Untuk menambah semarak peluncuran, SIS mengadakan drag race di Lapangan Brigif 15 Kujang II, Cimahi, Jawa Barat (5/5). Sebelumnya, KompasOtomotif dan beberapa media lain, sempat menguji kemampuan bebek ini "ngacir" di jalur balap.
Ternyata, tarikan awal sepeda motor bermesin 113 cc, tenaga 9,3 PS @8.000 rpm dan torsi puncak 9,1 Nm @6.000 rpm ini, di luar dugaan. Pasalnya, perbandingan gigi diset secara tidak lazim: pendek (rapat) untuk gigi satu, menengah buat gigi dua dan panjang untuk gigi tiga. Saat digeber pada gigi satu, putaran mesin naik dengan cepat dan harus segera pindah ke gigi dua dan tiga.
Nafas
Pada gigi dua, nafas motor ini sangat panjang. Lintasan drag 400 meter (200 untuk menggeber, 200 untuk mengerem), pada gigi 3 dan sudah sampai diujung lintas dan mencapai gigi 4 dengan kecepatan di atas 100 kpj.

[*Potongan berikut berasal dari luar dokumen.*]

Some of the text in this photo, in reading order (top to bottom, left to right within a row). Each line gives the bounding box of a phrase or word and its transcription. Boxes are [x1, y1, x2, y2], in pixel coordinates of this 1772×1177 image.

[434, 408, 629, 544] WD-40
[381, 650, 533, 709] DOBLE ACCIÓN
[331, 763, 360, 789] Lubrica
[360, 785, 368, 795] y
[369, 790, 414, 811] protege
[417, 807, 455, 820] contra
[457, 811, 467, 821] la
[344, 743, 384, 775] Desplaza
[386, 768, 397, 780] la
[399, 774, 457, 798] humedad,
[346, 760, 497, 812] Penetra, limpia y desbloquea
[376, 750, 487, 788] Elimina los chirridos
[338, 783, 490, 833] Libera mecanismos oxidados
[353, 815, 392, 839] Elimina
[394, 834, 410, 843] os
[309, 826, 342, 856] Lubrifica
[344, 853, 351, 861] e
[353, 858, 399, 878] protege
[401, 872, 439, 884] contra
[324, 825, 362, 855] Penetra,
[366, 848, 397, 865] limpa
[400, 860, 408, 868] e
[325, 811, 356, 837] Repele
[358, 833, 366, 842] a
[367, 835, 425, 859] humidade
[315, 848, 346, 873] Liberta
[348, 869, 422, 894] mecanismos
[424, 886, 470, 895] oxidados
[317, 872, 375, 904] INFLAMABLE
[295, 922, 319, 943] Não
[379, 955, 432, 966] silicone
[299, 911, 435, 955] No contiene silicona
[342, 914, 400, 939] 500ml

Dari sinilah baru dipahami penjelasan Minoru Hirihara, Assistant Chief Engineer Motorcycle Product Planning Department Suzuki Motor Corporation Jepang. Dijelaskan, gigi satu, bagus untuk akselerasi, gigi dua buat menambah kecepatan.

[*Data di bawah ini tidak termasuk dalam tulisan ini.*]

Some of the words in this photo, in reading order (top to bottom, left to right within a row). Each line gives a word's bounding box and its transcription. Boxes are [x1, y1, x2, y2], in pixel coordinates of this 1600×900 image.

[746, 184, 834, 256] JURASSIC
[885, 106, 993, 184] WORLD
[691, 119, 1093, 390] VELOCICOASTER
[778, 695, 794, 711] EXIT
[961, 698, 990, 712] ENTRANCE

"Gigi satu baik untuk lalu lintas di dalam kota. Karena torsi besar di dapat lebih cepat, konsumsi bahan bakar jadi irit. Gigi tiga untuk menambah kecepatan, dan empat untuk mempertahankan kecepatan puncak," jelasnya.
Pembuktian sesungguhnya dilakukan saat turing dari Cimahi ke Tangkuban Perahu. Karena jumlah sepeda motor terbatas, KompasOtomotif hanya berkesempatan menjajal di sekitar resto Sindang Reret, Lembang dan garis finish.
Di Tanjakan
Di Lembang, kesempatan mengukur kemampuan menanjak dan menikung sangat besar. KompasOtomotif merasakan, setiap jengkal bodinya dengan seksama. Jok terasa ergonomis saat diduduki! Begitu juga dengan pijakan kaki dan setang, terasa nyaman. Jarak antara permukaan jok ke tanah cukup tinggi. Karena itu, KompasOtomotif dengan postur 171 cm menjejakkan kaki ke tanah harus jinjit sedikit.
Saat digeber di tanjakan, kelemahan gigi 2 dan 3 mulai dirasakan. Karena perbandingannyapanjang, untuk melibas tanjakan butuh momentum. Alangkah baik, gigi dua diset dengan perbandingan lebih pendek.
Lokasi tes yang banyak lubang, juga dimanfaatkan untuk menguji suspensi. Ternyata, nyaman, khususnya suspensi depan: tidak hanya dapat meredam getaran dengan juga menimbulkan pantulan (goncangan) lembut. Sebenarnya, bila suspensi belakang sedikit lebih keras, pengendalian menjadi lebih mantap!